運転手「運賃は自己責任って聞いて、嫌になってよ、次からは絶対に乗せないと決めたわけよ。」
うんうん。そりゃそうだわな
運転手「そして、それから3週間後くらいに、またあの霊の女が乗ってきて『着いたら言うので』って前回同様いうわけ。俺は言ってやろうと決心して、
『申し訳ないんですが、このタクシーはあの場所までお客様を乗せないでくださいって規定になっていてお乗せできない事になってるんですわ。すみませんね。ですので…』って言ったら、
後部座席にはとっくに女は居なくなってて、諦めたんだなとホッとした瞬間、耳元で
『…なんで?』
って声がしたんだよ。その瞬間っ!フロントガラスから逆さになった女が俺をガン見してきて、俺は叫んで驚いて怖くて怖くて外へ出ようとしたんだが、鍵を閉めてないはずなのにドアが開かなくて、俺は焦って焦ってひたすらガチャガチャ開けようと試みた。ハッとフロントガラスを見ると居なくなってて、居なくなったのか?とおもった瞬間。
足首を掴んできて、こっちにゆっくりと這ってよってきてさ、俺は金縛りで動けなくなって、顔の近くまで這ってきて、恐怖で頭が真っ白になった瞬間、
ガチャっと熟年の運転手が「どうした?」とドアを開けてきて、その瞬間体が軽くなってや、女は居なくなってたんだよ。

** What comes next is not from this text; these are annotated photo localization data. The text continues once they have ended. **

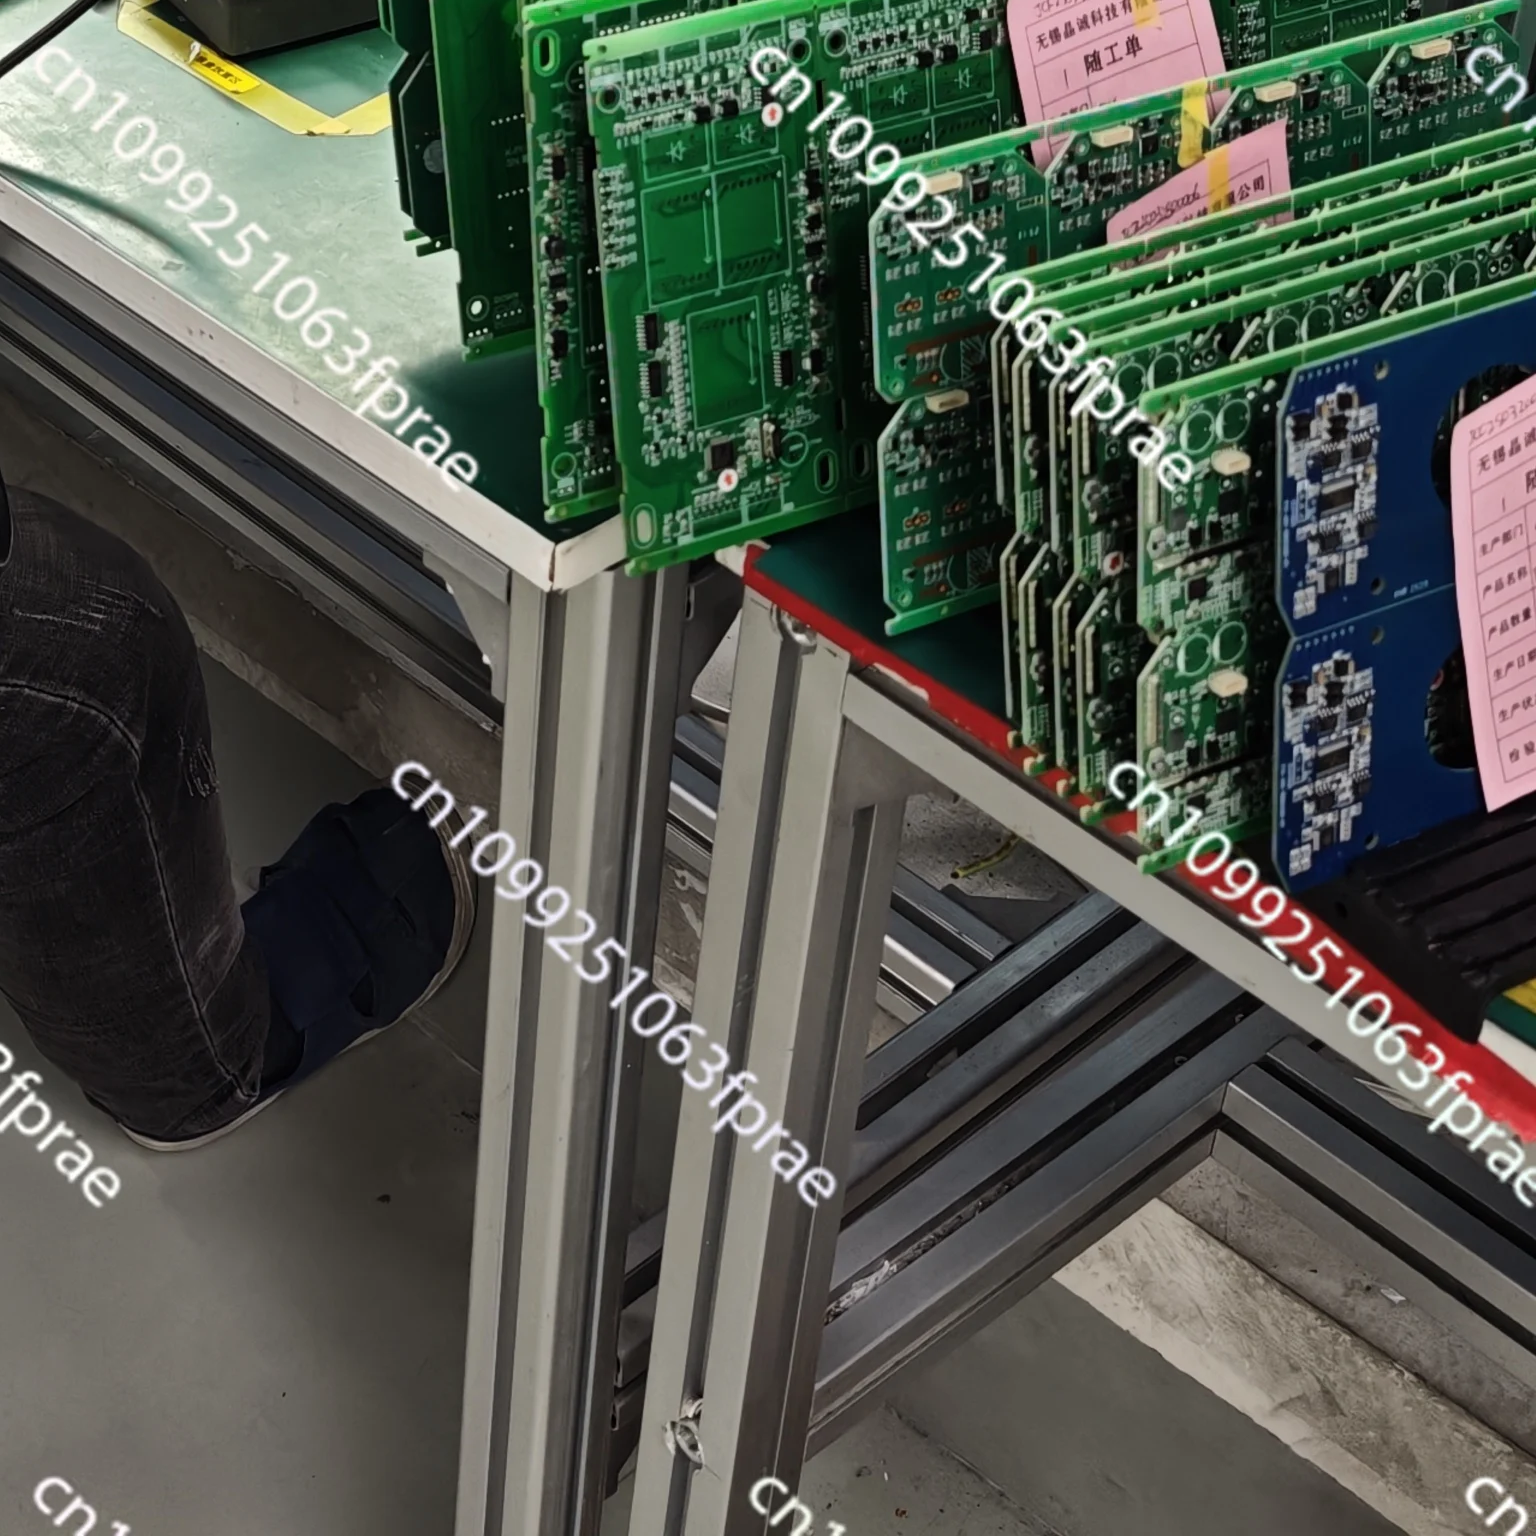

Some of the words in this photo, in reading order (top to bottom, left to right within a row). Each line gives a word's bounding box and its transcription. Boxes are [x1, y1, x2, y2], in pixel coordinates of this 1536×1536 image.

[1082, 34, 1144, 73] 随工单
[1479, 523, 1524, 557] 生产部门
[1482, 565, 1529, 600] 产品名称
[1487, 605, 1533, 642] 产品数量
[1498, 693, 1536, 724] 生产状

あれは本当に今でも忘れられない恐怖体験だったな。あの顔を今でも覚えてる。10センチくらいまで近づいてきたからな。いやぁ…こわかったなぁー…。」
相之助「こ、怖いっすね…」
…うん…。想像以上に怖かった…。
きっとその女は自分が霊だと、死んだ事に気づいてない上に家がもうない事すらも気づいてないんだな…。帰りたくても帰れない。何度帰っても帰ってもまた駅に着いてしまう。だからまた乗せてもらう。

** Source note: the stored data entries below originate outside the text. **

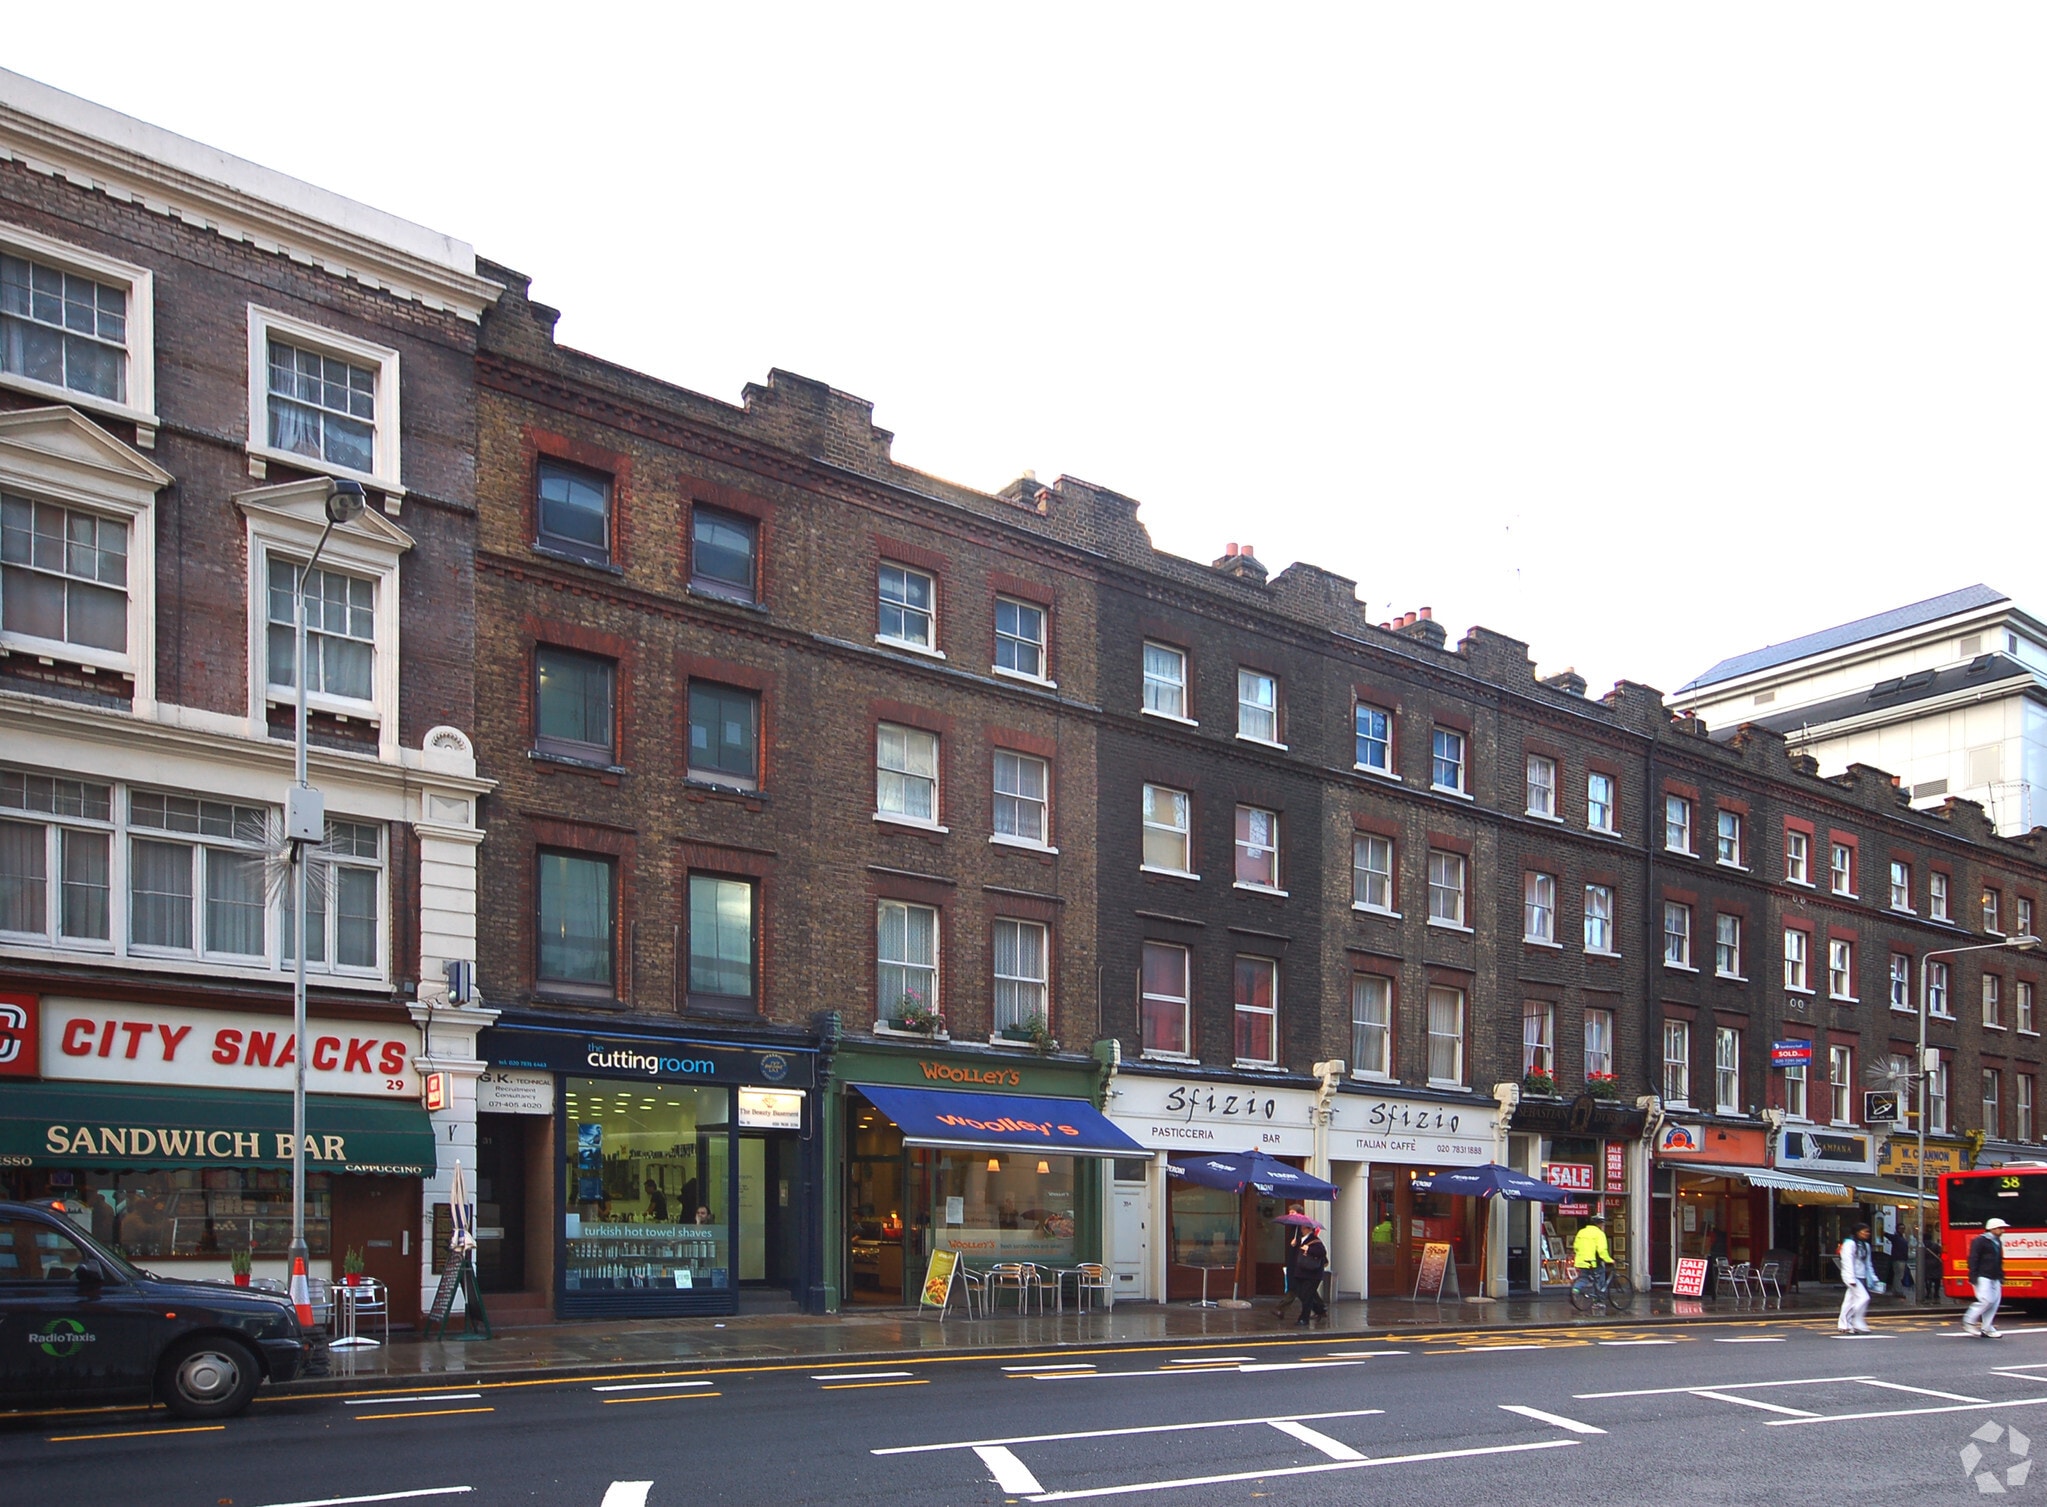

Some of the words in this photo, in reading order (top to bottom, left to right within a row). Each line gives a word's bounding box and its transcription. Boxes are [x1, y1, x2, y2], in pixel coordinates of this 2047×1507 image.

[61, 1018, 192, 1062] CITY
[212, 1029, 407, 1076] SNACKS
[587, 1042, 605, 1052] the
[1778, 1050, 1798, 1058] SOLD
[587, 1050, 715, 1075] cuttingroom
[386, 1079, 404, 1091] 29
[516, 1078, 551, 1086] TECHNICAL
[1166, 1086, 1275, 1124] Sfizio
[752, 1109, 771, 1117] Beauty
[1369, 1102, 1459, 1137] Sfizio
[1151, 1126, 1214, 1140] PASTICCERIA
[1262, 1133, 1281, 1144] BAR
[46, 1125, 260, 1158] SANDWICH
[276, 1133, 347, 1161] BAR
[1356, 1139, 1387, 1149] ITALIAN
[1390, 1138, 1416, 1151] CAFFÈ
[1437, 1144, 1450, 1153] 020
[1607, 1146, 1622, 1154] SALE
[1607, 1154, 1622, 1162] SALE
[1912, 1149, 1950, 1162] CANNON
[345, 1164, 422, 1174] CAPPUCCINO
[1607, 1162, 1622, 1170] SALE
[1550, 1166, 1590, 1187] SALE
[1607, 1170, 1622, 1178] SALE
[1607, 1183, 1622, 1191] SALE
[2001, 1176, 2021, 1189] 38
[584, 1226, 622, 1237] turkish
[624, 1226, 643, 1237] hot
[645, 1227, 676, 1238] towel
[678, 1227, 712, 1238] shaves
[1681, 1260, 1704, 1269] SALE
[1680, 1268, 1702, 1277] SALE
[1678, 1276, 1700, 1286] SALE
[1677, 1284, 1699, 1294] SALE

…そう思うと可哀想だなと思ってしまった。いつまでその連鎖はつづいてしまうのだろうか…。
相之助「そ、その霊は今どうしましたか?」
運転手「そりゃもう祓ってもらったさ。でも、まだまだこういうお客さんいるんだよ。最近だとお婆さんの霊…。尽きないなぁ…。あの女の霊の一件以来断るの怖くなってや、乗せて行ってしまうんだよ。まぁ、熟年の運転手さんはそれが1番いいと言ってくれたがな。」
…でもそのお金は…。いや、これ以上は言わないでおこう…。
運転手「ほれ。着いたぞ。俺ん話ばりして悪かったなぁ。久しぶりに楽しかったわ。」
相之助「いえ!!こちらこそ!嫌な記憶思い出させてしまってすみませんでした…」
運転手「やーやーやー!!俺が話したくて話したんよ!気にするこったない!んじゃ!俺はもどるがんねわ!また来たら俺んタクシー使ってけろな!」
相之助「もちろん!!」
運転手のおじさんは笑顔で窓から手を振ってくれた。
話は怖かったけど、霊には霊の事情があるんだろうな。
…で、ここが俺の母校…『海原第二小学校』があった場所か…。たしか…ここの緩やかな坂道から自転車を押して登ってその上にある駐輪場に停めて、学校へ…。…肉眼で見るとほんとに実感する。
『もう何も無い』事に…。
そして、子供の霊はもちろん、たくさんの霊が居た。
うん。そりゃ霊いるよね。うん。どこにでもいるんだけどさ。ここの地帯は特にだな…。
姫花「運転手さんの話…同じ霊だとは思えない怖さでした…今やっと声が出ましたよ…ふぅ…。ここが相之助さんの小学校の跡地…。ん?隣の建物はなんですか??」
相之助「ああ。昔はイチゴの工場だったんだが、今はどうだろう…やってんのかな…。米マーク書いてあるからお米も始めたのかな。綺麗になってるし、なにかしらはやってるんだろうなぁ…。まぁ!とりあえず工場だったんだ!」
姫花「なるほど。そうなんですねぇ!
…にしても…今は奏太さん不在…。そしてこの霊の数…。大丈夫ですか?」
うっ…。1番不安だったところを突かれた。
相之助「姫花は防御系に変身できるか?」
いうと同時に姫花は奏太ほど大きくはないが、手に持つタイプの軽い盾に変幻した。あ、アルミ製じゃないだろうな…ってくらい軽い…。心配だ!!!!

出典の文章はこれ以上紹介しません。